> [Requirement] Could you return every record below exactly as it stands, leaving out the pictures?

> [Dataset]
[Start of section]

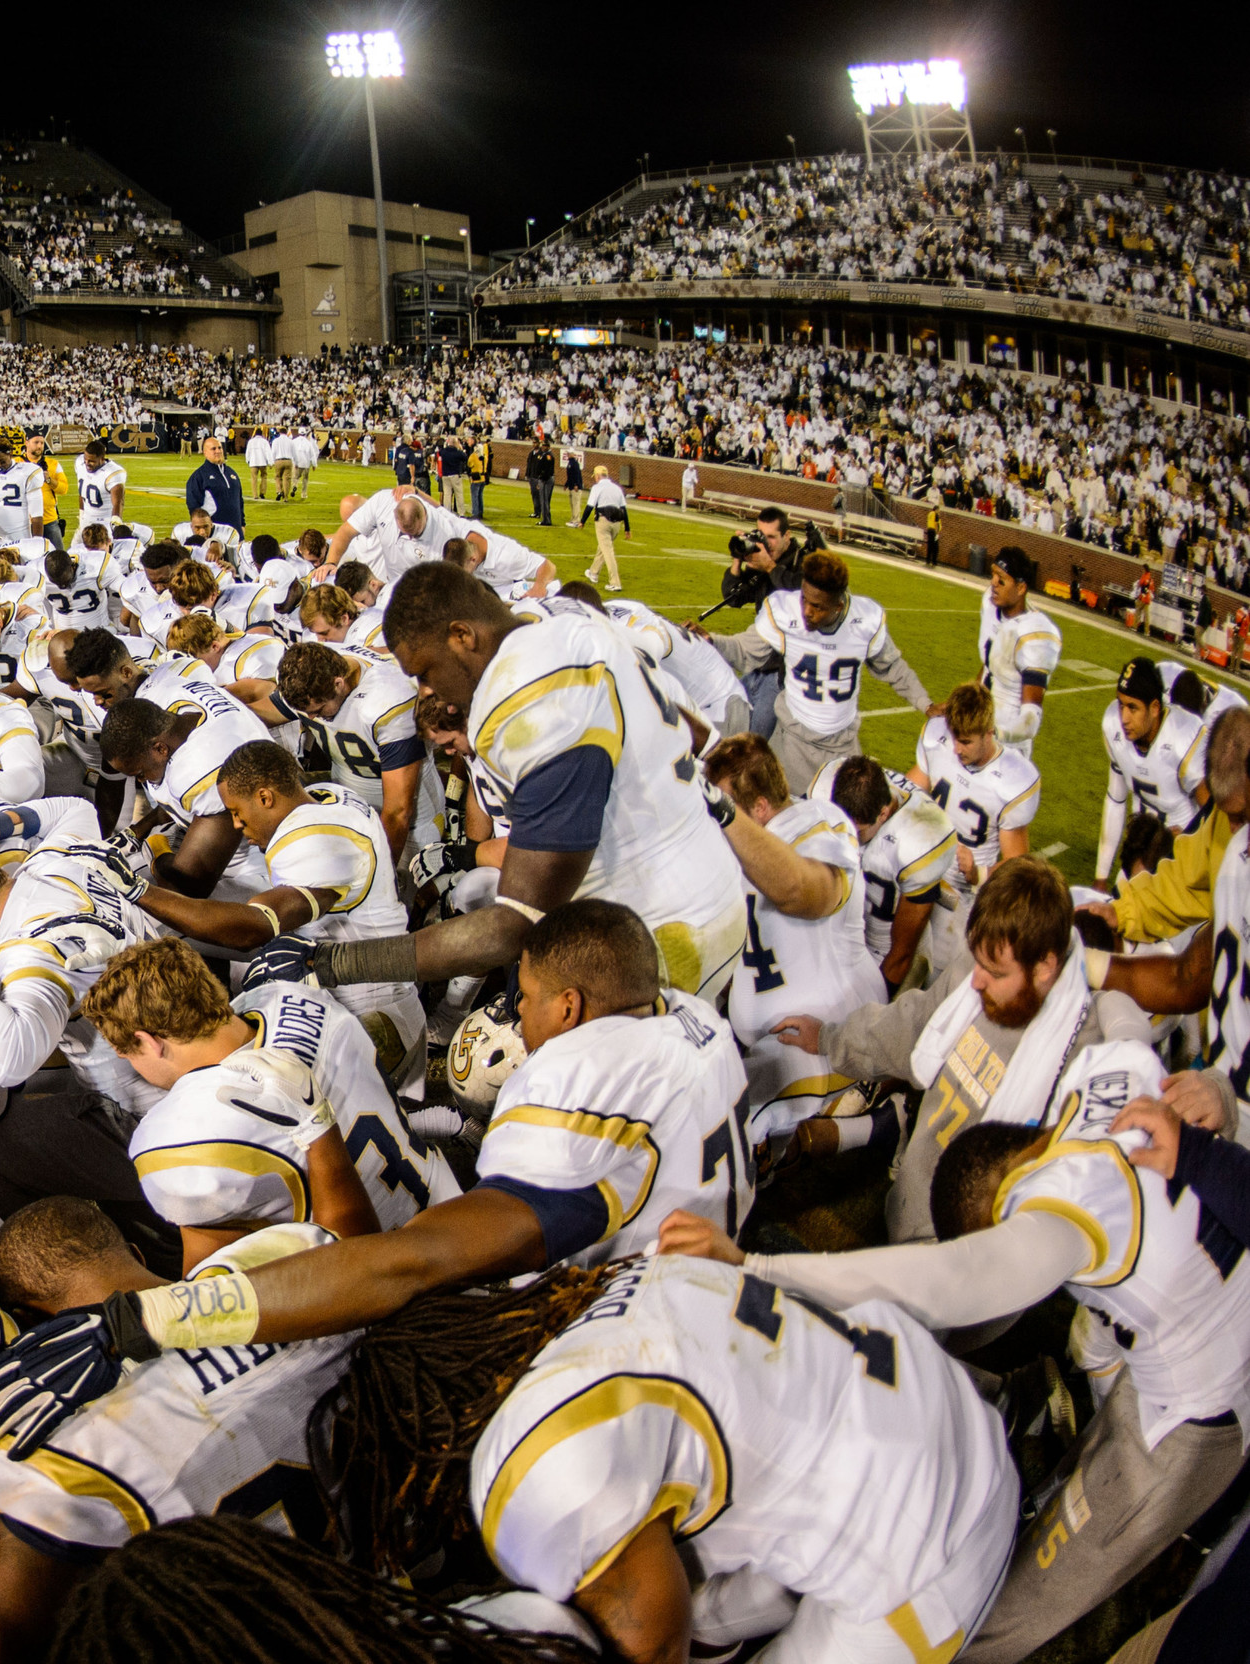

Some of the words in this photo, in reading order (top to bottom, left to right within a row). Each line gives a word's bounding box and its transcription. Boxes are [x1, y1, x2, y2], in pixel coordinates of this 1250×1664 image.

[771, 288, 798, 298] HALL
[800, 288, 816, 299] OF
[818, 288, 850, 299] FAME
[869, 292, 921, 305] BAUGHAN
[940, 289, 968, 298] GEORGE
[942, 296, 986, 310] MORRIS
[1015, 303, 1050, 318] DAVIS
[1192, 333, 1248, 356] FLOWERS
[78, 478, 103, 508] 10
[792, 654, 861, 702] 49
[1123, 664, 1136, 678] 5
[928, 1074, 971, 1149] 77

[End of section]

> [Result of the exercise]
Some of the words in this photo, in reading order (top to bottom, left to right within a row). Each line gives a word's bounding box and its transcription. Boxes are [x1, y1, x2, y2], in pixel coordinates of this 1250×1664 image.

[771, 288, 798, 298] HALL
[800, 288, 816, 299] OF
[818, 288, 850, 299] FAME
[869, 292, 921, 305] BAUGHAN
[940, 289, 968, 298] GEORGE
[942, 296, 986, 310] MORRIS
[1015, 303, 1050, 318] DAVIS
[1192, 333, 1248, 356] FLOWERS
[78, 478, 103, 508] 10
[792, 654, 861, 702] 49
[1123, 664, 1136, 678] 5
[928, 1074, 971, 1149] 77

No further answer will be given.